As palavras ecoaram pela sala como uma banda local abriria um show de rock. No lugar de instrumentos, o soluços do choro contido de Ane afastavam qualquer possibilidade dela passar despercebida pelas traças, lagartixas ou aranhas que estivessem nas paredes.

"..."

Secou as lágrimas e levantou da poltrona.
Esperou alguns momentos até se convencer de que parecia forte o suficiente.
Olhou-se na câmera frontal do seu aparelho celular, para ter certeza de que o cabelo estava em ordem.

"Sabe, mãe.
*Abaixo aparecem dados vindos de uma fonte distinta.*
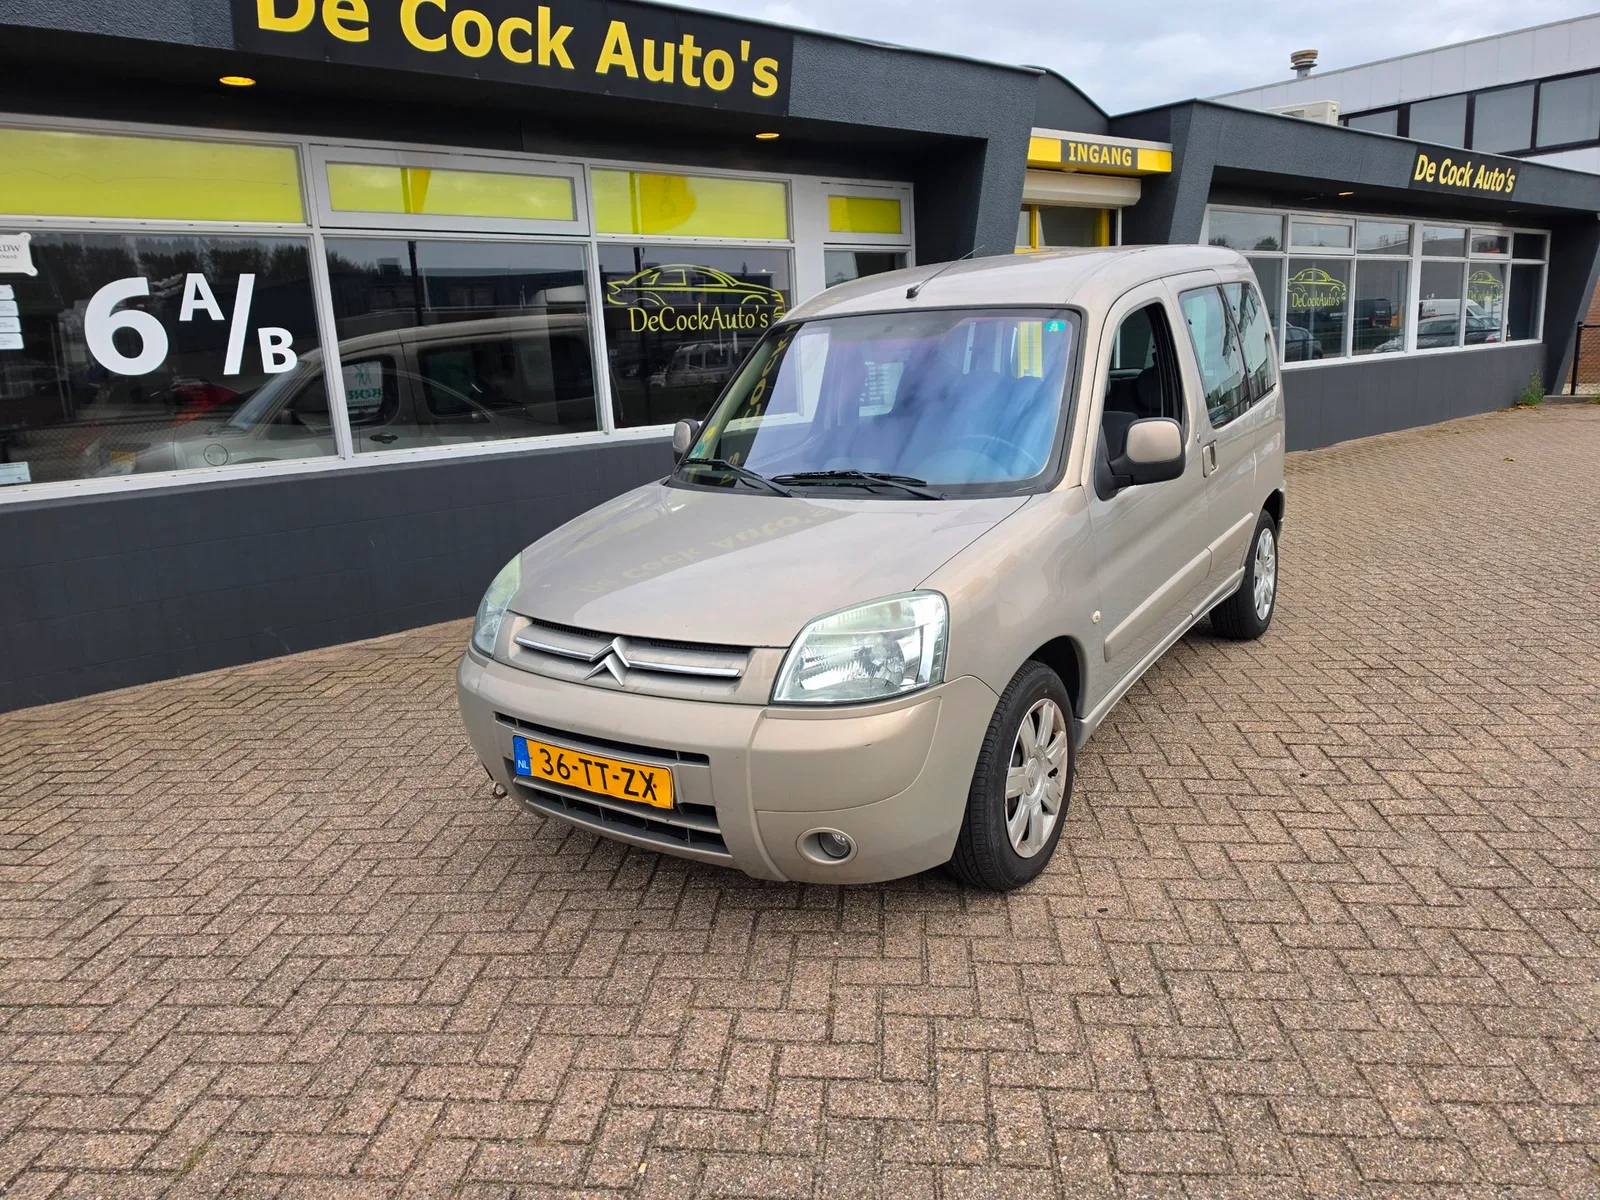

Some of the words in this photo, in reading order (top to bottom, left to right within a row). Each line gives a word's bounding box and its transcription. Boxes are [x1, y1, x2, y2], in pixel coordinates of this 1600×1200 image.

Eu vou sair com um cara legal."
"Hoje a noite, depois que Sarah voltar da escola."

"Eu não sei ainda se ele tem carro, ou se curte fumar um..."
"Mas ele parece se preocupar com pessoas. Parece se importar com os sentimentos de quem sofre, e sempre parece estar olhando o outro lado da moeda."

"Você também parecia."

"..."

"Obrigado por tudo, mãe."
"Você foi a melhor."

Tia Ane saia do aposento em passos leves. Tinha um ar confiante, sereno e forte. Jamais deixava se abater pelas adversidades. Tudo que fazia era sorrir e ser durona. Apesar de experiente, ainda era jovem. Tinha o sonho de viajar o mundo em uma motocicleta.

Jamais pensei que a veria assim.
Chorando.

Quando os passos de minha tia já não podiam mais ser ouvidos, esgueirei-me por trás do guarda-roupa velho até conseguir ficar de pé. Tomei cuidado para não me machucar com o prego.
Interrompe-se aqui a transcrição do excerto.